Directions
Could you copy the records below exactly, leaving out any pictures they include?

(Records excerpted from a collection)
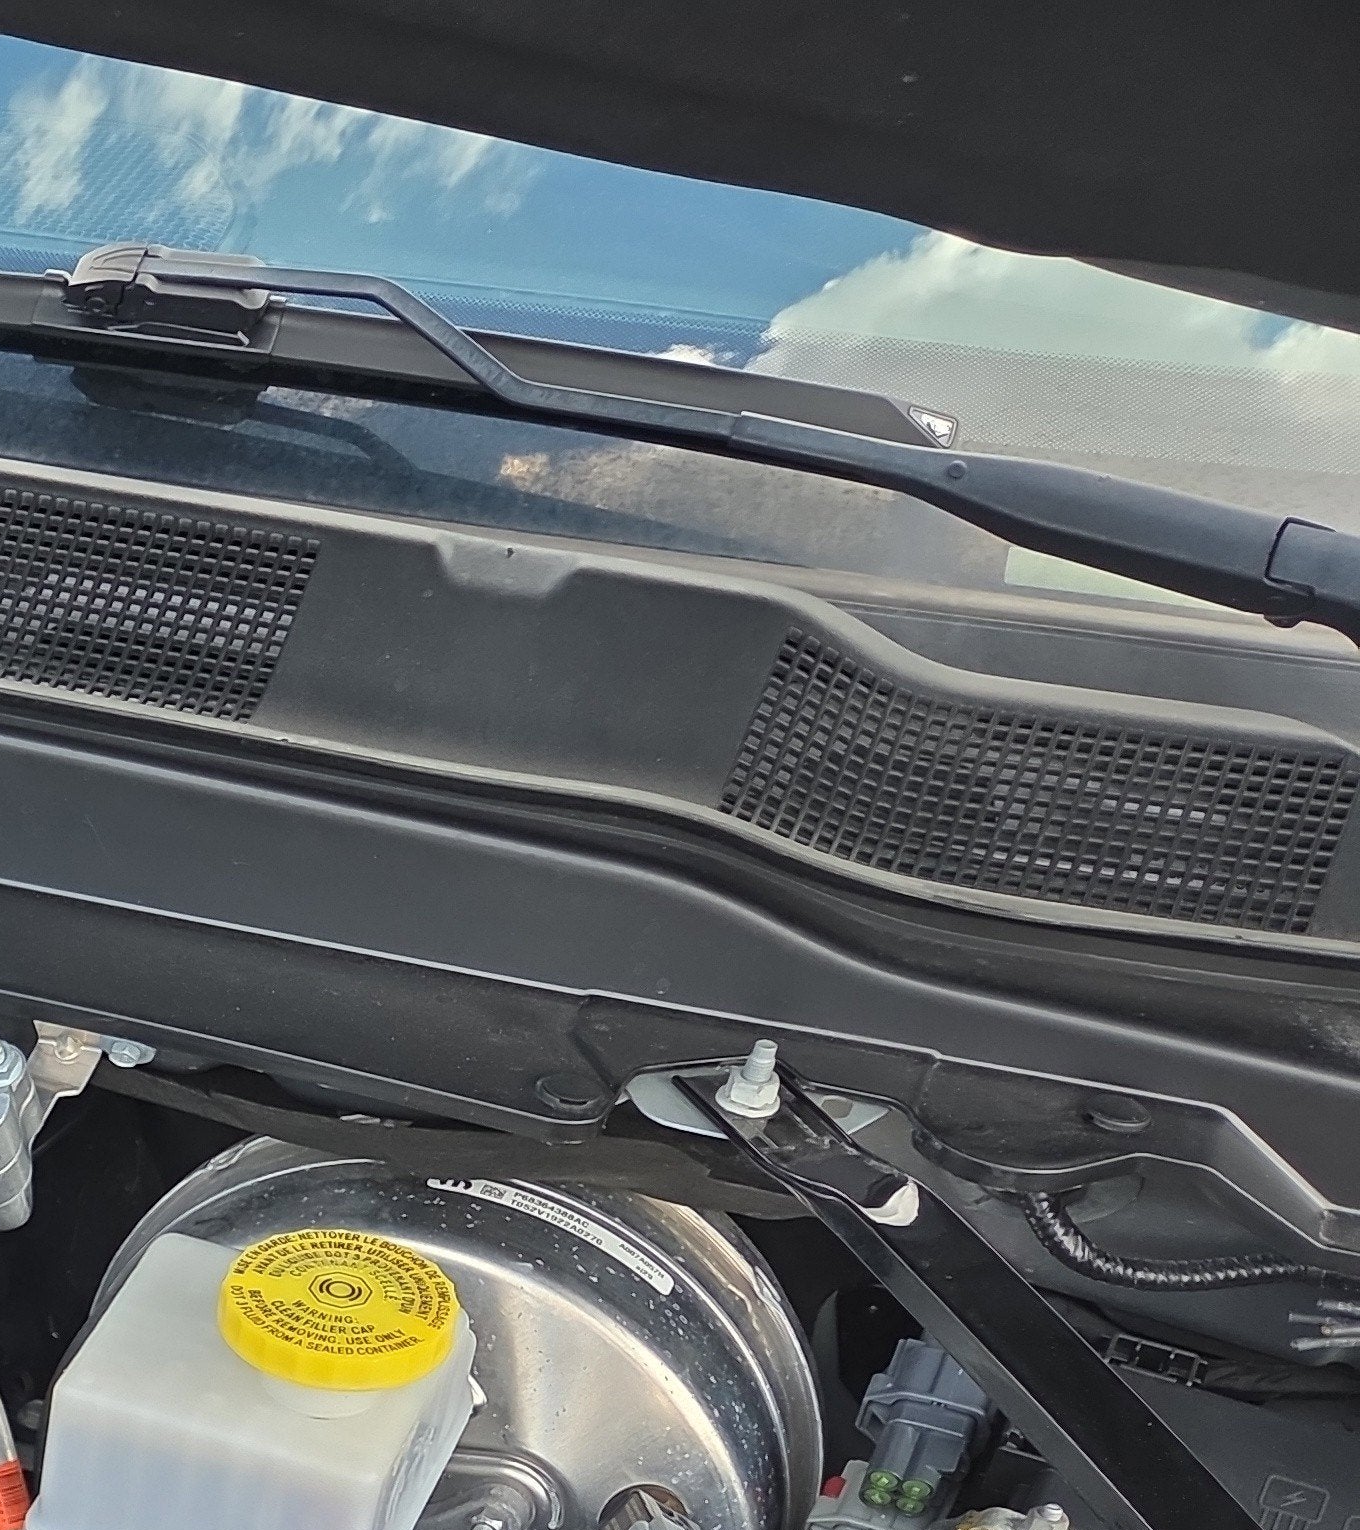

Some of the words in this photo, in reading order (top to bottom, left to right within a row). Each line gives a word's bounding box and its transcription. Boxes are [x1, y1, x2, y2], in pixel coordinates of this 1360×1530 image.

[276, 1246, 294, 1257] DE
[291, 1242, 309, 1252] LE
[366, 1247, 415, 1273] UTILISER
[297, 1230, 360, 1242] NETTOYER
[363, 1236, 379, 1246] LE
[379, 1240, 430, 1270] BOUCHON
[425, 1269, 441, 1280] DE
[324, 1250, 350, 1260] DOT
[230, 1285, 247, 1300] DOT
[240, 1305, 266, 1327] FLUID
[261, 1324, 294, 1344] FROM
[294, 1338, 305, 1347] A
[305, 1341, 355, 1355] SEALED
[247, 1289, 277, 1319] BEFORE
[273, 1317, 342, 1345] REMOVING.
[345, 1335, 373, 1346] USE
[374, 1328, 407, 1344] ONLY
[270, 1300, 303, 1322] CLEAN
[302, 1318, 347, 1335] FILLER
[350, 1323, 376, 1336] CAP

Answer space
Some of the words in this photo, in reading order (top to bottom, left to right within a row). Each line gives a word's bounding box and its transcription. Boxes are [x1, y1, x2, y2], in pixel coordinates of this 1360×1530 image.

[276, 1246, 294, 1257] DE
[291, 1242, 309, 1252] LE
[366, 1247, 415, 1273] UTILISER
[297, 1230, 360, 1242] NETTOYER
[363, 1236, 379, 1246] LE
[379, 1240, 430, 1270] BOUCHON
[425, 1269, 441, 1280] DE
[324, 1250, 350, 1260] DOT
[230, 1285, 247, 1300] DOT
[240, 1305, 266, 1327] FLUID
[261, 1324, 294, 1344] FROM
[294, 1338, 305, 1347] A
[305, 1341, 355, 1355] SEALED
[247, 1289, 277, 1319] BEFORE
[273, 1317, 342, 1345] REMOVING.
[345, 1335, 373, 1346] USE
[374, 1328, 407, 1344] ONLY
[270, 1300, 303, 1322] CLEAN
[302, 1318, 347, 1335] FILLER
[350, 1323, 376, 1336] CAP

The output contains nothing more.